> Exercise inputs

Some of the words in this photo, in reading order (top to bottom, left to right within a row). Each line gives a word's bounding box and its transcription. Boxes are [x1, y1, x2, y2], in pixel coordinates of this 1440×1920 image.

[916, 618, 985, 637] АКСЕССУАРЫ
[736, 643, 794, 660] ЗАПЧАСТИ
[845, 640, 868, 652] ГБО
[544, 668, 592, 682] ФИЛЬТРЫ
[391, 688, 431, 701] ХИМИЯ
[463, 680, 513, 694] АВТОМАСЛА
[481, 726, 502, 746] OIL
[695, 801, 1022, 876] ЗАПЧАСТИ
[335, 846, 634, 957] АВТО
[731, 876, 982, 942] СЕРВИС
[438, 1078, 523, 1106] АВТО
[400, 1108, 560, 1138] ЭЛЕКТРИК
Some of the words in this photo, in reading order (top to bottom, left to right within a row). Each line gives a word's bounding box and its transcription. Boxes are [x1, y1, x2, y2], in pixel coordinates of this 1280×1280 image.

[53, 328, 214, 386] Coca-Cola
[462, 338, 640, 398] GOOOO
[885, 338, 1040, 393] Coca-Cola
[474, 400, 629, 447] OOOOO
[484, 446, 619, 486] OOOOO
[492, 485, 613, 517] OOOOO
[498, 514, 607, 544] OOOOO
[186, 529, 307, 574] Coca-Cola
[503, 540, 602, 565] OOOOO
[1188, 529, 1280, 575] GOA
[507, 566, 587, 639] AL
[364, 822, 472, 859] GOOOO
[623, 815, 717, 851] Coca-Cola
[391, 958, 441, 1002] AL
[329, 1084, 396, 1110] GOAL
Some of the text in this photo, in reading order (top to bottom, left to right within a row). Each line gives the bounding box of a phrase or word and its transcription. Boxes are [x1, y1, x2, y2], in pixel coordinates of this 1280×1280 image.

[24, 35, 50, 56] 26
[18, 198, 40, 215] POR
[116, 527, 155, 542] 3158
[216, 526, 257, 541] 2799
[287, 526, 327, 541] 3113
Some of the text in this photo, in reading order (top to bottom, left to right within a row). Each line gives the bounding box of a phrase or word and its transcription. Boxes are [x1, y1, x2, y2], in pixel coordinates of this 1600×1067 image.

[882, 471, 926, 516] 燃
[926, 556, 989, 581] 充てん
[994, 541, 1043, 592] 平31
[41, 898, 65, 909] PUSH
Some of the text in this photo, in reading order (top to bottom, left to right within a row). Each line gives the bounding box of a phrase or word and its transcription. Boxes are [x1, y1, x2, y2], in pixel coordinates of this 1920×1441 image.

> Your assignment
What you give back should be the full listing, copied exactly.

> Task solution
Some of the words in this photo, in reading order (top to bottom, left to right within a row). Each line gives a word's bounding box and its transcription. Boxes are [x1, y1, x2, y2], in pixel coordinates of this 1440×1920 image.

[916, 618, 985, 637] АКСЕССУАРЫ
[736, 643, 794, 660] ЗАПЧАСТИ
[845, 640, 868, 652] ГБО
[544, 668, 592, 682] ФИЛЬТРЫ
[391, 688, 431, 701] ХИМИЯ
[463, 680, 513, 694] АВТОМАСЛА
[481, 726, 502, 746] OIL
[695, 801, 1022, 876] ЗАПЧАСТИ
[335, 846, 634, 957] АВТО
[731, 876, 982, 942] СЕРВИС
[438, 1078, 523, 1106] АВТО
[400, 1108, 560, 1138] ЭЛЕКТРИК
Some of the words in this photo, in reading order (top to bottom, left to right within a row). Each line gives a word's bounding box and its transcription. Boxes are [x1, y1, x2, y2], in pixel coordinates of this 1280×1280 image.

[53, 328, 214, 386] Coca-Cola
[462, 338, 640, 398] GOOOO
[885, 338, 1040, 393] Coca-Cola
[474, 400, 629, 447] OOOOO
[484, 446, 619, 486] OOOOO
[492, 485, 613, 517] OOOOO
[498, 514, 607, 544] OOOOO
[186, 529, 307, 574] Coca-Cola
[503, 540, 602, 565] OOOOO
[1188, 529, 1280, 575] GOA
[507, 566, 587, 639] AL
[364, 822, 472, 859] GOOOO
[623, 815, 717, 851] Coca-Cola
[391, 958, 441, 1002] AL
[329, 1084, 396, 1110] GOAL
Some of the text in this photo, in reading order (top to bottom, left to right within a row). Each line gives the bounding box of a phrase or word and its transcription. Boxes are [x1, y1, x2, y2], in pixel coordinates of this 1280×1280 image.

[24, 35, 50, 56] 26
[18, 198, 40, 215] POR
[116, 527, 155, 542] 3158
[216, 526, 257, 541] 2799
[287, 526, 327, 541] 3113
Some of the text in this photo, in reading order (top to bottom, left to right within a row). Each line gives the bounding box of a phrase or word and its transcription. Boxes are [x1, y1, x2, y2], in pixel coordinates of this 1600×1067 image.

[882, 471, 926, 516] 燃
[926, 556, 989, 581] 充てん
[994, 541, 1043, 592] 平31
[41, 898, 65, 909] PUSH
Some of the text in this photo, in reading order (top to bottom, left to right within a row). Each line gives the bounding box of a phrase or word and its transcription. Boxes are [x1, y1, x2, y2], in pixel coordinates of this 1920×1441 image.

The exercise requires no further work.